▶ **WORK TASK**
Please reproduce, exactly and in full, the lines running from the one that contains "this 2576×1450 image." to the end of the entries.

▶ **DATA**
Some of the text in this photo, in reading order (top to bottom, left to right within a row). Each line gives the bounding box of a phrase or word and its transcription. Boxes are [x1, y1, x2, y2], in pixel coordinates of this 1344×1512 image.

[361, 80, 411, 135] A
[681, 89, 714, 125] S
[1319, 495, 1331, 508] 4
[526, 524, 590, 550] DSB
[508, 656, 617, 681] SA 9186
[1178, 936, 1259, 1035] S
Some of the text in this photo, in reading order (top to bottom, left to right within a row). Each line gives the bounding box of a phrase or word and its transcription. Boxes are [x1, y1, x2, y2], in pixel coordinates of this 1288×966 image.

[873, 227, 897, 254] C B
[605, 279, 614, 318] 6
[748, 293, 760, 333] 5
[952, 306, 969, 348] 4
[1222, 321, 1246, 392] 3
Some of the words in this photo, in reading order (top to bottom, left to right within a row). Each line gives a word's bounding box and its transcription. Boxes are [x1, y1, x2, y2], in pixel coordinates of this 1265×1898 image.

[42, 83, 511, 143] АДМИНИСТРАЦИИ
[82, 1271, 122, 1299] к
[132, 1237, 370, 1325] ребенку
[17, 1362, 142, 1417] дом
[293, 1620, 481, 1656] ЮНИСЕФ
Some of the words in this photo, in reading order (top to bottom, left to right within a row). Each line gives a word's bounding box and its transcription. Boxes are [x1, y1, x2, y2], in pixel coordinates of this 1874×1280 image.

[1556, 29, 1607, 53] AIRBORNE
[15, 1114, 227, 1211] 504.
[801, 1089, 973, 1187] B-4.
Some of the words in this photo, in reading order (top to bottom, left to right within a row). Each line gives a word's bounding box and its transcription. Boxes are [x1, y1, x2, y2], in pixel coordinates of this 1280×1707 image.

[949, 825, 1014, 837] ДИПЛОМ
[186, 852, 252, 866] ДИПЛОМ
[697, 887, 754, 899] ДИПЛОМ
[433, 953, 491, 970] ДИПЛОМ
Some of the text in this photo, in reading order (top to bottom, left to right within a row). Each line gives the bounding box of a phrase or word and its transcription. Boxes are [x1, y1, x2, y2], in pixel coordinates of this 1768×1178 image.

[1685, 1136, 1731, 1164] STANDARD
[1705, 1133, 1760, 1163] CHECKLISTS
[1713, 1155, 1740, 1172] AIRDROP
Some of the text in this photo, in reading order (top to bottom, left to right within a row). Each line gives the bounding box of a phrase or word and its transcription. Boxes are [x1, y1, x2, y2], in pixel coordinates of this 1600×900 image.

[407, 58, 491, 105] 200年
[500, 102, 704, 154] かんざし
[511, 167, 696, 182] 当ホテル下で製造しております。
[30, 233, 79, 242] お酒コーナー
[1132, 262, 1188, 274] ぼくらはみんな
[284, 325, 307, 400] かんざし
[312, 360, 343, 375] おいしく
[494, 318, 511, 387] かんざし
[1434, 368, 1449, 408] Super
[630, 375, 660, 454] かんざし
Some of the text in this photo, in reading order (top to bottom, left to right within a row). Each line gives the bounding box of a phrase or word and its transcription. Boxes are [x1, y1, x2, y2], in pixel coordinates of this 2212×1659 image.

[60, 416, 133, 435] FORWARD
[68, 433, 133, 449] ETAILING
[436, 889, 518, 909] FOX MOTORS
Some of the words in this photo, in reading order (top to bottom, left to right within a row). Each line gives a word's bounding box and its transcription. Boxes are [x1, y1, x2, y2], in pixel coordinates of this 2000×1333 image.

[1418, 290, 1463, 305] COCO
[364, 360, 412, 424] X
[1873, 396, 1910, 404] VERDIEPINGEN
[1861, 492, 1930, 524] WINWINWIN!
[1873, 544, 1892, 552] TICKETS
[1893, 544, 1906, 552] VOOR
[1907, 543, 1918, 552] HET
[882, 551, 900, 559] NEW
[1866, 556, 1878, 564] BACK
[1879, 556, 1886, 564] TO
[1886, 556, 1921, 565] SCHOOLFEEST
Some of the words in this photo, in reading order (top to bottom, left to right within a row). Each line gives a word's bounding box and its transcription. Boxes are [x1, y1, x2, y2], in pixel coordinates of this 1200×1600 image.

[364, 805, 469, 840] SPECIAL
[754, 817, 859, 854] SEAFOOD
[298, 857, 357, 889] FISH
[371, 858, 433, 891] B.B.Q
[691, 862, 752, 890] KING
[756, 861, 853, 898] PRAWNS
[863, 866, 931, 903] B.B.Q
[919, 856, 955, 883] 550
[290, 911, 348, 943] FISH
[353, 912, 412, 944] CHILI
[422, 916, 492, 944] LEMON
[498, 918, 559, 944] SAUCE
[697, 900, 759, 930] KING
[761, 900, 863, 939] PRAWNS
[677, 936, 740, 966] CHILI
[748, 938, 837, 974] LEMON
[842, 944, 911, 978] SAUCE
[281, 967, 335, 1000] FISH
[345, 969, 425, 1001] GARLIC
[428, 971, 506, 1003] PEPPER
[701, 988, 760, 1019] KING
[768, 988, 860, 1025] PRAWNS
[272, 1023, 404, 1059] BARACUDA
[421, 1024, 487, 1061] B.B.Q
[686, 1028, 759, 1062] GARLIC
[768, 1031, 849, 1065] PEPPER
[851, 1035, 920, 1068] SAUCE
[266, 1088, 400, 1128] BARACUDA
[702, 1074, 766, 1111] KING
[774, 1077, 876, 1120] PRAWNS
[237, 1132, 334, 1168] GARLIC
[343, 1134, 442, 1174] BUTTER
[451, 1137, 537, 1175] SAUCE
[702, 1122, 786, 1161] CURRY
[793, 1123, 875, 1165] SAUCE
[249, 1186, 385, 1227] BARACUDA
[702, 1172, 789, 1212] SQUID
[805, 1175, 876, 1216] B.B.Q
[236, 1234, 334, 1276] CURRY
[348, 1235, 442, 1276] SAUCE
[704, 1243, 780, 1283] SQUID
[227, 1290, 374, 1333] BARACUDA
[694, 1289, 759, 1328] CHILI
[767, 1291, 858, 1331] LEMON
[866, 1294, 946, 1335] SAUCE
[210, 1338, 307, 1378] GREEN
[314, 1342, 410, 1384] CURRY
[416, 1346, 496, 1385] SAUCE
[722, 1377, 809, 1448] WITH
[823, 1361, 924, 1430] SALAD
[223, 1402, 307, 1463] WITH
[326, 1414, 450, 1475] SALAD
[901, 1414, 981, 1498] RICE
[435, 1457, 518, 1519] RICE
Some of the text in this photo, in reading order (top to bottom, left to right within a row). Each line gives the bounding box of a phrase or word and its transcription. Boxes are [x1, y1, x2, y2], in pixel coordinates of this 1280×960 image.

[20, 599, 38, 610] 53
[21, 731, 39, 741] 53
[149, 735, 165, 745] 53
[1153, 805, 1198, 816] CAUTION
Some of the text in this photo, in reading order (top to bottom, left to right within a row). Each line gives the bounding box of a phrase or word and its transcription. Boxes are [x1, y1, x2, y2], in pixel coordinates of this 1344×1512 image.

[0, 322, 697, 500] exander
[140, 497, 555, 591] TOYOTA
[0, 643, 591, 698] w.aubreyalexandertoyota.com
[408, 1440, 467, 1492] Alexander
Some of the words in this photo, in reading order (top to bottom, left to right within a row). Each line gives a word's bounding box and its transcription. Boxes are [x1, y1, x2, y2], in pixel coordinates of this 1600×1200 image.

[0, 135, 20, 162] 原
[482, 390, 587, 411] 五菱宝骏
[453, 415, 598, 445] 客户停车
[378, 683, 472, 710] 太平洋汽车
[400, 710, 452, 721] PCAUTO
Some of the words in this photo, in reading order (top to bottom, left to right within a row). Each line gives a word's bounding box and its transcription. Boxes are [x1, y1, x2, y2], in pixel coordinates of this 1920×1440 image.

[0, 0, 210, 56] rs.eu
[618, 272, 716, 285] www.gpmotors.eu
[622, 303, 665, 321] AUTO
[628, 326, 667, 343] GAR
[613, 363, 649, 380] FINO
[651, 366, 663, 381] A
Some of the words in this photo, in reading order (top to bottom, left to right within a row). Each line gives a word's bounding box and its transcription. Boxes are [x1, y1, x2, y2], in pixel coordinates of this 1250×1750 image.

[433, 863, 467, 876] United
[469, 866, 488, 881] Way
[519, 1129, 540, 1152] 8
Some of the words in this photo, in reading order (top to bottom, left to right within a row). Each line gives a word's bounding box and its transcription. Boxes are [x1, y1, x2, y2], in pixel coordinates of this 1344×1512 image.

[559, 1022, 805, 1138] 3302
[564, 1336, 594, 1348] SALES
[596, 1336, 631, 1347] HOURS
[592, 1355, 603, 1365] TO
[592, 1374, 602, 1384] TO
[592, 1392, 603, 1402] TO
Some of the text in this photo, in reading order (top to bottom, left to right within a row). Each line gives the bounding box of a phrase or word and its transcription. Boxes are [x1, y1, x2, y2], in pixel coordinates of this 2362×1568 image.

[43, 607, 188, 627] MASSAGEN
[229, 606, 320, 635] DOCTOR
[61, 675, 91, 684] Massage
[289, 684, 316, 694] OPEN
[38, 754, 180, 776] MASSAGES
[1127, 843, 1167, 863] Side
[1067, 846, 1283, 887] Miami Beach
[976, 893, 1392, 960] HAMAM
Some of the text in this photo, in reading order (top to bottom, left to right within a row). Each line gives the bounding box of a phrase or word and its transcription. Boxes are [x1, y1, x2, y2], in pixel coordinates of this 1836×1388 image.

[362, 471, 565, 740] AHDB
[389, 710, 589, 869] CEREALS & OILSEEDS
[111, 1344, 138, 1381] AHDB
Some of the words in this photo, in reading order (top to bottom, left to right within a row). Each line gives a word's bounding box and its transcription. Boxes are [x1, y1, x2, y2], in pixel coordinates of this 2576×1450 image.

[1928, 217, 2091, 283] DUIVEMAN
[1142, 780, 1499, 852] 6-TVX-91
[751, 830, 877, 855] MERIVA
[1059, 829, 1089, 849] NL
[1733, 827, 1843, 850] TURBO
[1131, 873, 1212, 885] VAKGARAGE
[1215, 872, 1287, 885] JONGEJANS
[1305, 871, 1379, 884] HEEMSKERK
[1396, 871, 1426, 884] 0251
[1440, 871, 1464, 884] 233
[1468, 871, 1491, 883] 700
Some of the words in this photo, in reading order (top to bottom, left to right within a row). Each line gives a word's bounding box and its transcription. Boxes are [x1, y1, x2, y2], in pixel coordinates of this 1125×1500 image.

▶ **SOLUTION TO THIS EXERCISE**
Some of the words in this photo, in reading order (top to bottom, left to right within a row). Each line gives a word's bounding box and its transcription. Boxes are [x1, y1, x2, y2], in pixel coordinates of this 2576×1450 image.

[1928, 217, 2091, 283] DUIVEMAN
[1142, 780, 1499, 852] 6-TVX-91
[751, 830, 877, 855] MERIVA
[1059, 829, 1089, 849] NL
[1733, 827, 1843, 850] TURBO
[1131, 873, 1212, 885] VAKGARAGE
[1215, 872, 1287, 885] JONGEJANS
[1305, 871, 1379, 884] HEEMSKERK
[1396, 871, 1426, 884] 0251
[1440, 871, 1464, 884] 233
[1468, 871, 1491, 883] 700
Some of the words in this photo, in reading order (top to bottom, left to right within a row). Each line gives a word's bounding box and its transcription. Boxes are [x1, y1, x2, y2], in pixel coordinates of this 1125×1500 image.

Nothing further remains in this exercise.